Following the 2009 national elections, Rösler succeeded Ulla Schmidt as Federal Minister of Health in Angela Merkel's second cabinet.[13]
Over the course of 2010, Rösler pushed through changes to the way drugs are priced on the German market as part of his wider-ranging health-care reform plans.[14] In January 2011, he asked German pharmaceutical companies to refrain from delivering anesthetic sodium thiopental to the US, a request they agreed to. Later that year, he declined a request from his counterpart, United States Secretary of Commerce Gary Locke, that Germany help out with thiopental as dozens of US states were facing shortages of a drug necessary in lethal injections administered to death-row prisoners.[15]
Rösler succeeded Rainer Brüderle as Federal Minister of Economics and Technology on 12 May 2011 and Guido Westerwelle as Chairman of the FDP on 13 May 2011 and was also instated as Vice-Chancellor of Germany on 16 May 2011.[16] [17]
On 7 June 2011, Rösler attended the state dinner hosted by President Barack Obama in honor of Chancellor Angela Merkel at the White House.[18]
Rösler strongly supported the presidential candidacy of Joachim Gauck, originally proposed by the SPD and Greens, and reportedly secured his nomination by convincing his opposing coalition partner, the CDU/CSU, to back the nomination. That was seen as a step to demonstrate the independence of his party which was dramatically trailing in polls.[19]
As a consequence of the FDP's defeat in the 2013 state elections in Lower Saxony, Rösler offered to step down as party chairman. The leadership decided that he would remain but not lead the party in the federal elections, instead acting in a team with Rainer Brüderle as top candidate.[20] Following the defeat of 2013 federal elections, when the FDP was for first time in its history voted out of the Bundestag, he stepped down as chairman and retired from politics. Christian Lindner became his successor as leader of the FDP.
In January 2014, Rösler became a member of the managing board and Head of the Centre for Regional Strategies of the World Economic Forum (WEF) in Switzerland, under the leadership of chairman Klaus Schwab.[21] From late 2017 until early 2019, Rösler served as chief executive officer of New York-based Hainan Cihang Charity Foundation Inc., the largest shareholder of HNA Group.[22] [23]

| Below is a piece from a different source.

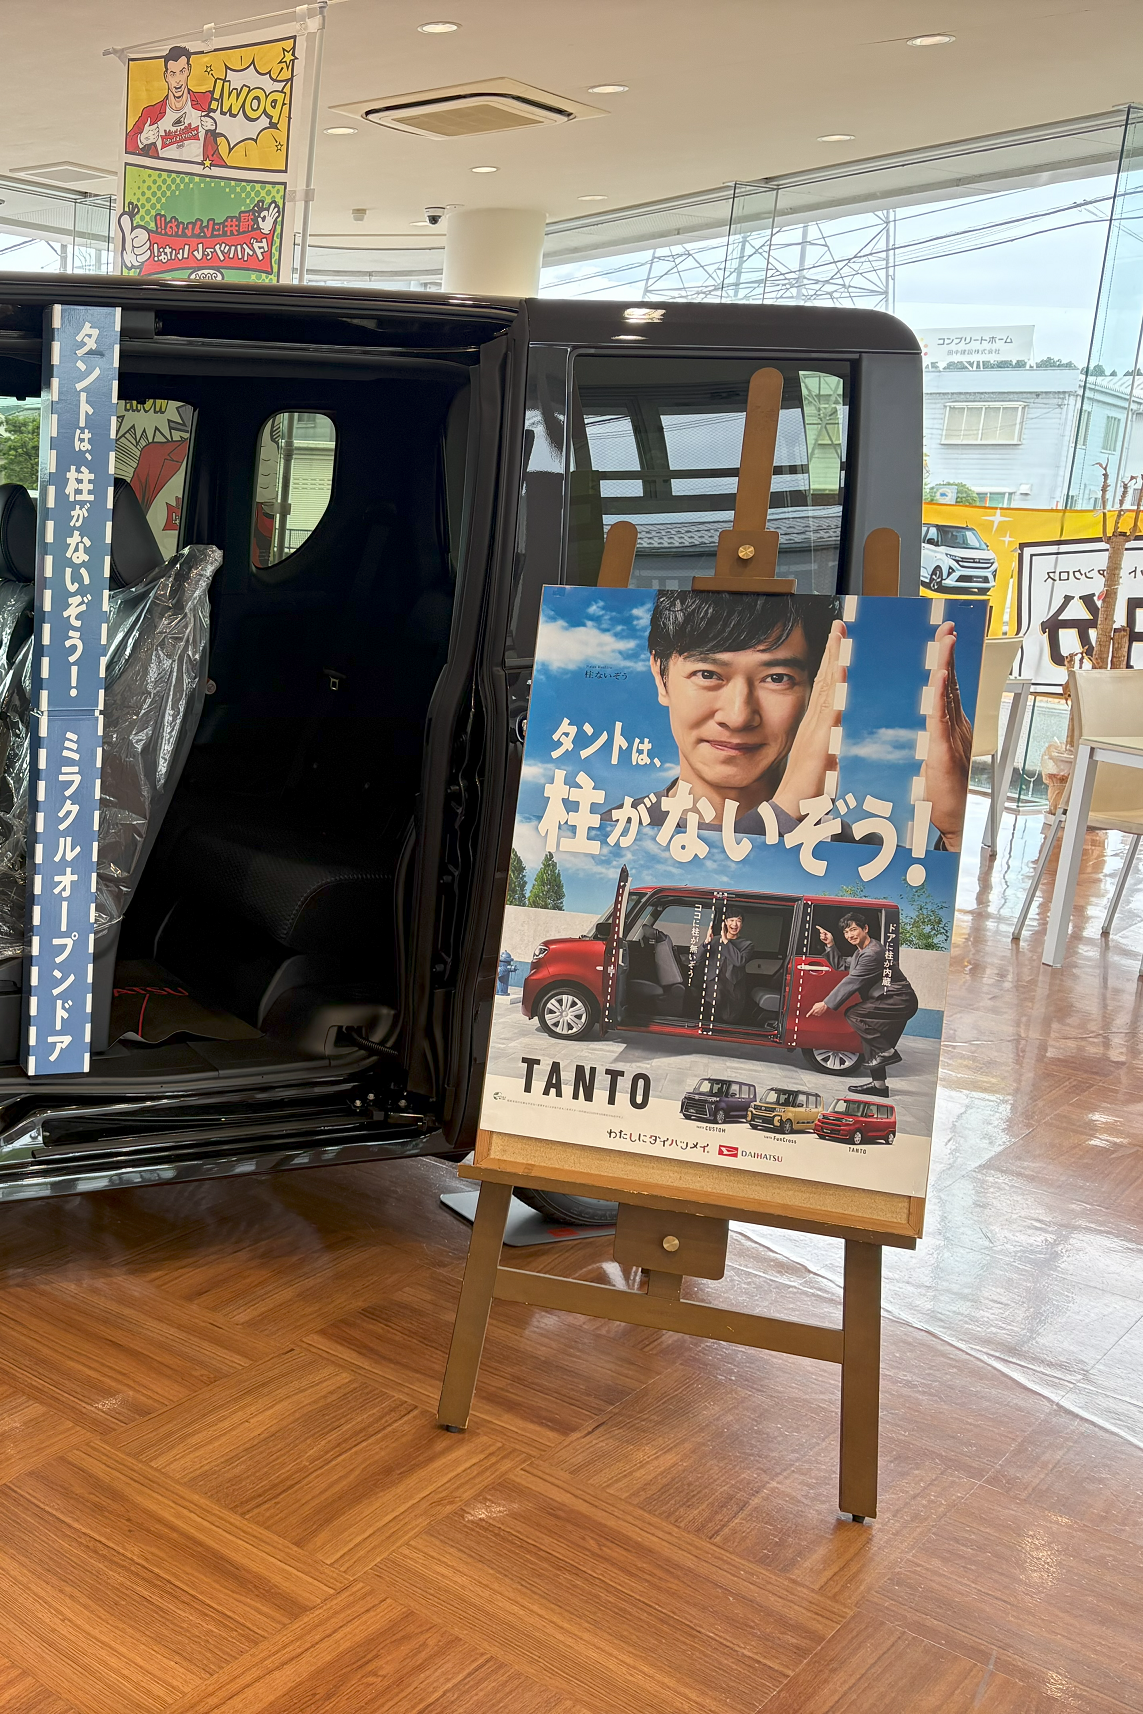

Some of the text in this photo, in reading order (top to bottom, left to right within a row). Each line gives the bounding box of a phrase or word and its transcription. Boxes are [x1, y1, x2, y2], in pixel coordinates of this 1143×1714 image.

In 2020, Rösler founded Consessor AG, a consulting firm based in Zug which advises companies on strategic management and internationalization.[24]
In September 2021, Rösler was appointed as the Honorary Consul of Vietnam to the Swiss cantons of Zürich and Zug.[25] [26]
Rösler is a Roman Catholic,[42] and a member of the General Conference of the Central Committee of German Catholics (ZdK). He has been married to Wiebke Lauterbach, also a physician, since 2002. The couple has twin girls, Grietje and Gesche, born in 2008. The family lived in Isernhagen before moving to Geneva in 2014 and, in 2017, to Zürich.[43]